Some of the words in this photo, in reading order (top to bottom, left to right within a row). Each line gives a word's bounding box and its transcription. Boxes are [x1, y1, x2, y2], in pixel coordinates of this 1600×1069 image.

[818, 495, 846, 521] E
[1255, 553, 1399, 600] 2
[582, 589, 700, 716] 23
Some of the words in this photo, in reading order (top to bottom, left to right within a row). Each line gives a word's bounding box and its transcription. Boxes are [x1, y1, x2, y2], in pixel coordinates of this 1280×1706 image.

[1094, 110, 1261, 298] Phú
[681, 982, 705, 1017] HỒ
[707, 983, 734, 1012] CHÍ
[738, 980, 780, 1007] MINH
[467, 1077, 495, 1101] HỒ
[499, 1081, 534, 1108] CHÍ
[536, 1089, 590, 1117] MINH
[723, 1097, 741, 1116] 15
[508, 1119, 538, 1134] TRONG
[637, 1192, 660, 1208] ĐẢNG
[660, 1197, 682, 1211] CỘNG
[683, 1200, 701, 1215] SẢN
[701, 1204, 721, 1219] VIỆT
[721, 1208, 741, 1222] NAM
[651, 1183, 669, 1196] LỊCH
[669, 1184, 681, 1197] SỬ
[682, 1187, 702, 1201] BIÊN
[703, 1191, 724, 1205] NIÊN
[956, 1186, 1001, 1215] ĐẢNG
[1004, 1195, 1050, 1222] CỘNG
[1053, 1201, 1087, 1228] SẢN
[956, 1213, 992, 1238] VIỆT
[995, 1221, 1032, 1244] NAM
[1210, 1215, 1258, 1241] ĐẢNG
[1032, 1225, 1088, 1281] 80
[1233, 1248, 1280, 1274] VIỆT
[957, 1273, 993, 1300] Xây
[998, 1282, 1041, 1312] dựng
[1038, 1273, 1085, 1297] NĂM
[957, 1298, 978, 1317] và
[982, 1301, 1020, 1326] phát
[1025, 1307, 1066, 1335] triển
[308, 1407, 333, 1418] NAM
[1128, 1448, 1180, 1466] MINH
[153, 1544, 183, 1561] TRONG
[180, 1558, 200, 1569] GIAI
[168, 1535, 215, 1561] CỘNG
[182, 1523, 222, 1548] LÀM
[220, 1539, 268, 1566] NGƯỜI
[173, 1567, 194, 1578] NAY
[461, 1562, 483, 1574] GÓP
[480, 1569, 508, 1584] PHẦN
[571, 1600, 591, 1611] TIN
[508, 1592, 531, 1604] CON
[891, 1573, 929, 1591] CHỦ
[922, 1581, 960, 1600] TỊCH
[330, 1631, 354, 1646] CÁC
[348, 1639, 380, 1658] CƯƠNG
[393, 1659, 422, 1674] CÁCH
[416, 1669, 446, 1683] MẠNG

========

Task directions:
Return the data in its entirety, exactly as given.

Your response:
Some of the words in this photo, in reading order (top to bottom, left to right within a row). Each line gives a word's bounding box and its transcription. Boxes are [x1, y1, x2, y2], in pixel coordinates of this 1600×1069 image.

[818, 495, 846, 521] E
[1255, 553, 1399, 600] 2
[582, 589, 700, 716] 23
Some of the words in this photo, in reading order (top to bottom, left to right within a row). Each line gives a word's bounding box and its transcription. Boxes are [x1, y1, x2, y2], in pixel coordinates of this 1280×1706 image.

[1094, 110, 1261, 298] Phú
[681, 982, 705, 1017] HỒ
[707, 983, 734, 1012] CHÍ
[738, 980, 780, 1007] MINH
[467, 1077, 495, 1101] HỒ
[499, 1081, 534, 1108] CHÍ
[536, 1089, 590, 1117] MINH
[723, 1097, 741, 1116] 15
[508, 1119, 538, 1134] TRONG
[637, 1192, 660, 1208] ĐẢNG
[660, 1197, 682, 1211] CỘNG
[683, 1200, 701, 1215] SẢN
[701, 1204, 721, 1219] VIỆT
[721, 1208, 741, 1222] NAM
[651, 1183, 669, 1196] LỊCH
[669, 1184, 681, 1197] SỬ
[682, 1187, 702, 1201] BIÊN
[703, 1191, 724, 1205] NIÊN
[956, 1186, 1001, 1215] ĐẢNG
[1004, 1195, 1050, 1222] CỘNG
[1053, 1201, 1087, 1228] SẢN
[956, 1213, 992, 1238] VIỆT
[995, 1221, 1032, 1244] NAM
[1210, 1215, 1258, 1241] ĐẢNG
[1032, 1225, 1088, 1281] 80
[1233, 1248, 1280, 1274] VIỆT
[957, 1273, 993, 1300] Xây
[998, 1282, 1041, 1312] dựng
[1038, 1273, 1085, 1297] NĂM
[957, 1298, 978, 1317] và
[982, 1301, 1020, 1326] phát
[1025, 1307, 1066, 1335] triển
[308, 1407, 333, 1418] NAM
[1128, 1448, 1180, 1466] MINH
[153, 1544, 183, 1561] TRONG
[180, 1558, 200, 1569] GIAI
[168, 1535, 215, 1561] CỘNG
[182, 1523, 222, 1548] LÀM
[220, 1539, 268, 1566] NGƯỜI
[173, 1567, 194, 1578] NAY
[461, 1562, 483, 1574] GÓP
[480, 1569, 508, 1584] PHẦN
[571, 1600, 591, 1611] TIN
[508, 1592, 531, 1604] CON
[891, 1573, 929, 1591] CHỦ
[922, 1581, 960, 1600] TỊCH
[330, 1631, 354, 1646] CÁC
[348, 1639, 380, 1658] CƯƠNG
[393, 1659, 422, 1674] CÁCH
[416, 1669, 446, 1683] MẠNG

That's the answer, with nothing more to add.